Thoughts on Sandy Hook

I’m not impressed by claims that mass shootings aren’t becoming more common. Compared the when? Where?

I accuse, in part, the violent toxins Hollywood pours into Television screens and movie theaters. Cathartic? So’s a fix for a junkie – until next time.

It behooves us to remember that murderers are real people, with families and lives. They’re not stock villains. They’re us, messed up – which may be why we’re so eager for distance. Take a look here and here, for instance.

Father Jonathan Tobias made A Pledge. My Lutheran brother thought it had too much “I will,” and that “I will” is especially futile for the mentally ill. I perhaps misrepresented it as “A 12-step program for not becoming Adam Lanza.” So take it for exactly what the author says about it. I still think it’s wise and largely effectual (though brother has a point about mental illness). Then use it as you will. (My Lutheran brother and I, by the way, continue to disagree, primarily over sola scriptura and synergy. That’s why he’s Lutheran and I’m Orthodox. Either of us would lack integrity trying to switch religion while retaining our current convictions.)

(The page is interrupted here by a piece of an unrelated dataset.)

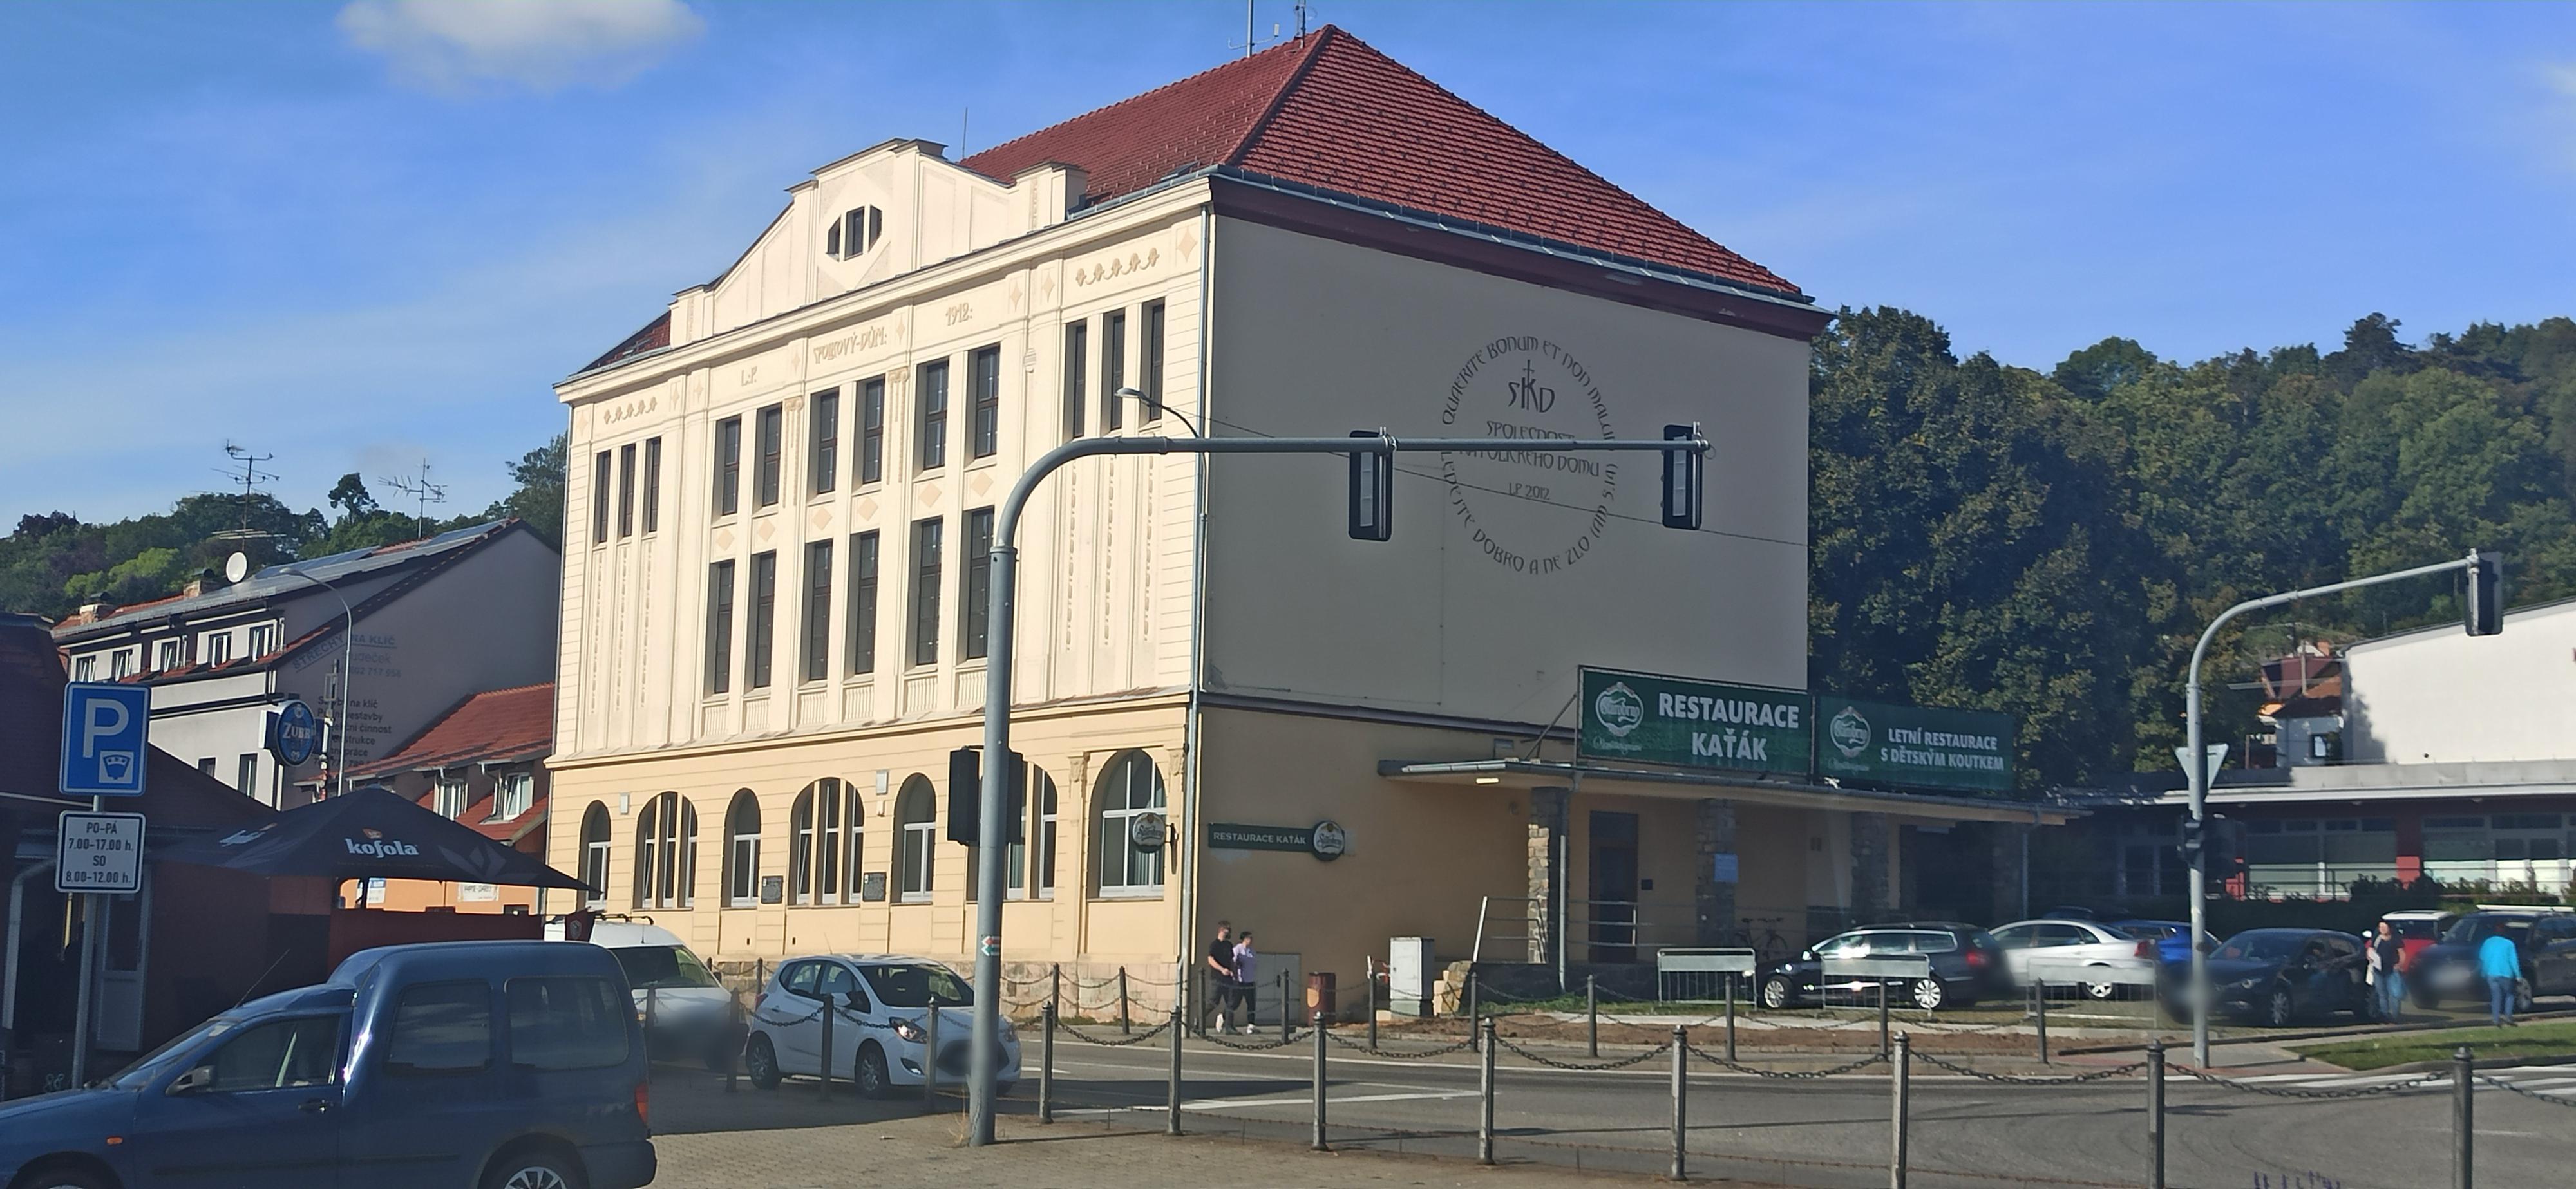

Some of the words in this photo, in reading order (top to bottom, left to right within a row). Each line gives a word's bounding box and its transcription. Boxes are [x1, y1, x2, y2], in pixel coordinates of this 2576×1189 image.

Why are we so quick to blame the NRA, single-minded defenders of the Second Amendment and nonprofit, while we run shrieking from the room if someone dares blame Hollywood, profiteers wrapped in the mantle of the First Amendment, or the makers of violent video games? As a friend asked on Facebook, “why give books for Christmas?” The answer is “because a scented candle never changed anyone’s life.” We are affected by what we read, view, and steep ourselves in. Quentin Tarantino has a lot more blood on his hands than Wayne LaPierre.

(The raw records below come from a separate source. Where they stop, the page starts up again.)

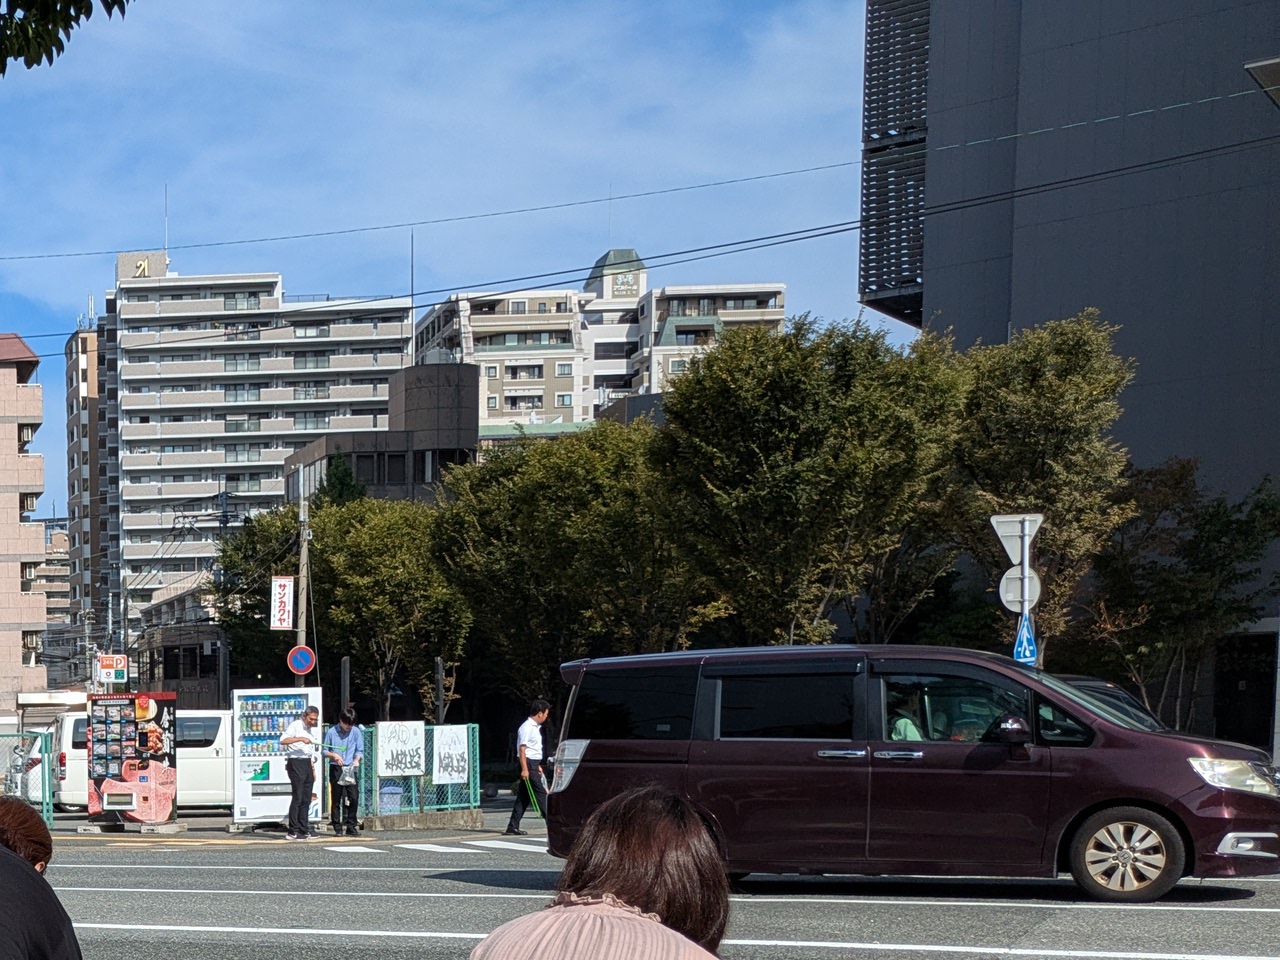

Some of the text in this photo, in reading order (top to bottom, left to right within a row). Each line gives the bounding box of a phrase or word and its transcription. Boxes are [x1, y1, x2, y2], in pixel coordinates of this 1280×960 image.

[277, 583, 287, 626] サンカクヤ
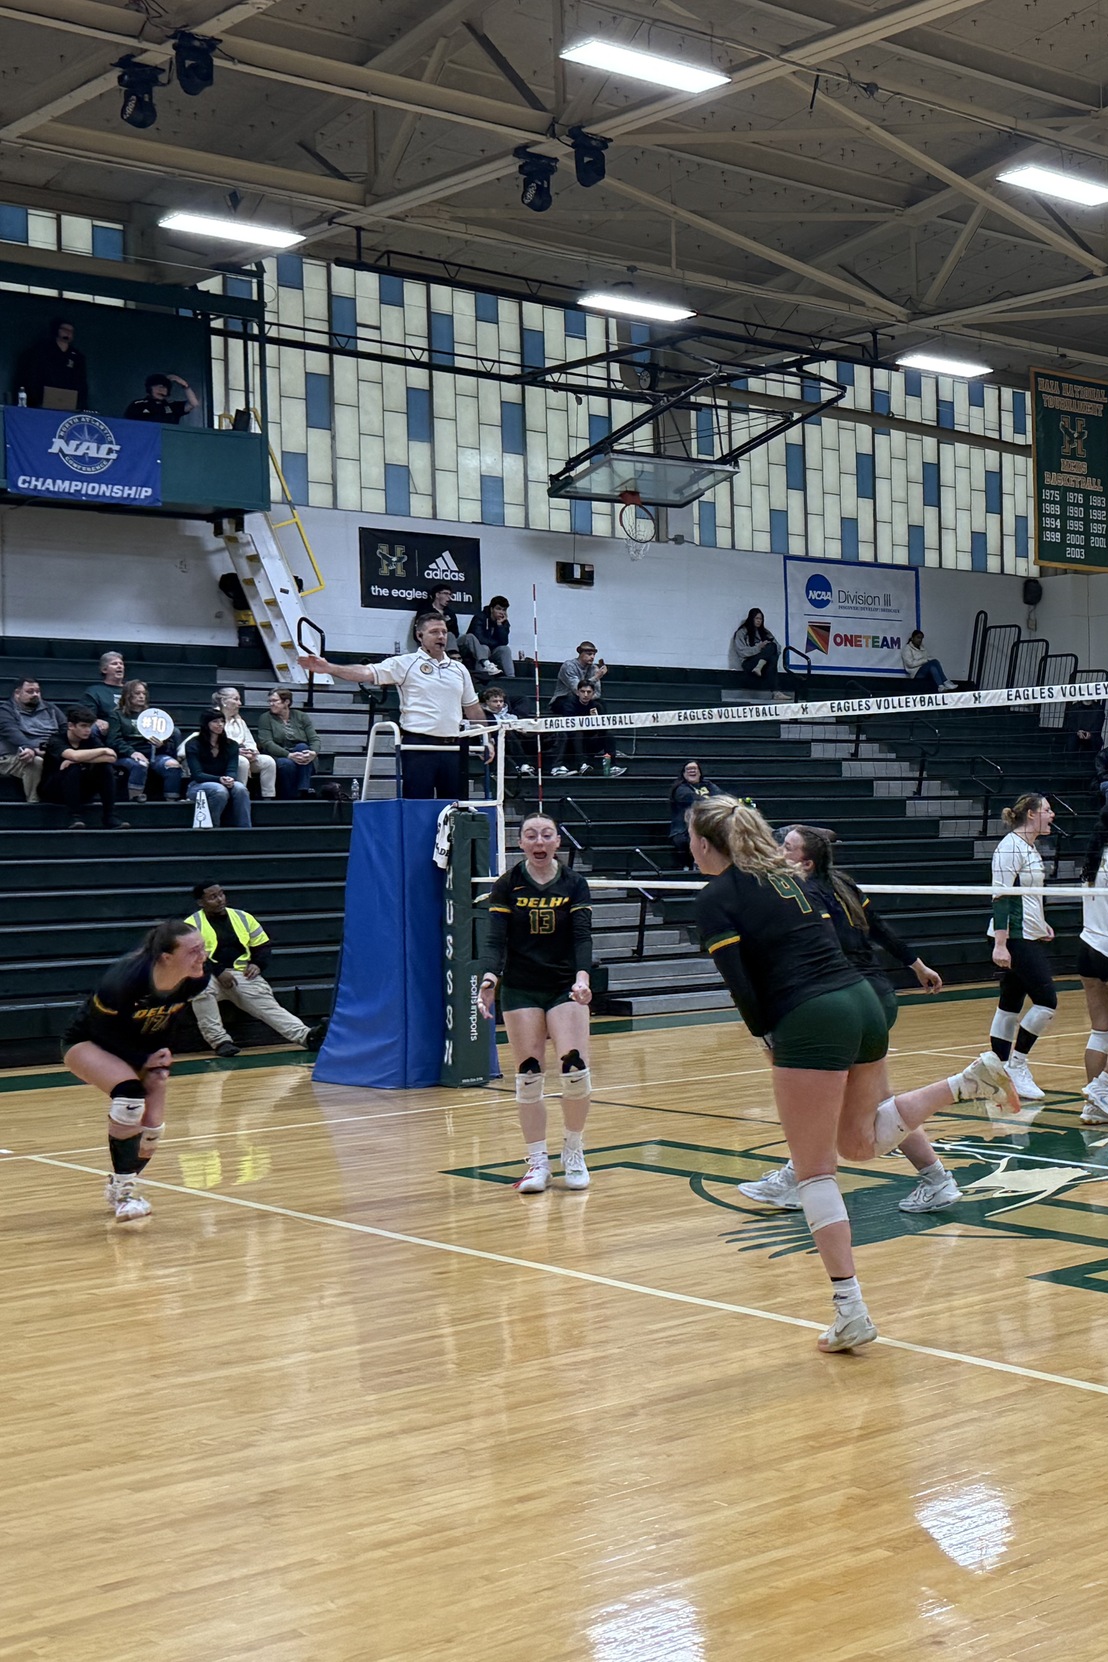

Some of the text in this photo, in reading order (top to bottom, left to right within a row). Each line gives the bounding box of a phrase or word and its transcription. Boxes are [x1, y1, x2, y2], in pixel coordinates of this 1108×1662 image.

[48, 438, 121, 460] NAC
[17, 475, 153, 499] CHAMPIONSHIP
[1044, 471, 1104, 492] BASKETBALL
[1042, 489, 1106, 507] 1975 1976 1983
[1042, 503, 1106, 521] 1989 1990 1992
[1042, 517, 1107, 534] 1994 1995 1997
[1043, 531, 1107, 548] 1999 2000 2001
[1066, 547, 1085, 559] 2003
[424, 568, 466, 582] adidas
[371, 585, 429, 601] the eagles
[463, 592, 473, 603] in
[808, 589, 833, 601] NCAA
[838, 590, 892, 607] Division III
[1006, 685, 1055, 701] EAGLES
[829, 694, 949, 713] EAGLES VOLLEYBALL
[544, 713, 635, 730] EAGLES VOLLEYBALL
[676, 705, 780, 722] EAGLES VOLLEYBALL
[141, 716, 167, 733] #10
[529, 909, 556, 934] 13
[469, 974, 479, 1042] sports imports

Quoting Eugene Volokh: “One can’t just deal with these questions through broad generalities, whether ‘we can’t do anything’ or ‘we must do something.’” You wouldn’t know that from the conversation that’s transpiring on the PBS News Hour as I write. The entire focus is gun control. There’s no focus on mental health care or on violent games. The only good thing is they’re focusing on the big clips, not on firearms generally. But what assurance have we that banning the clips will be effective? That’s not a rhetorical question.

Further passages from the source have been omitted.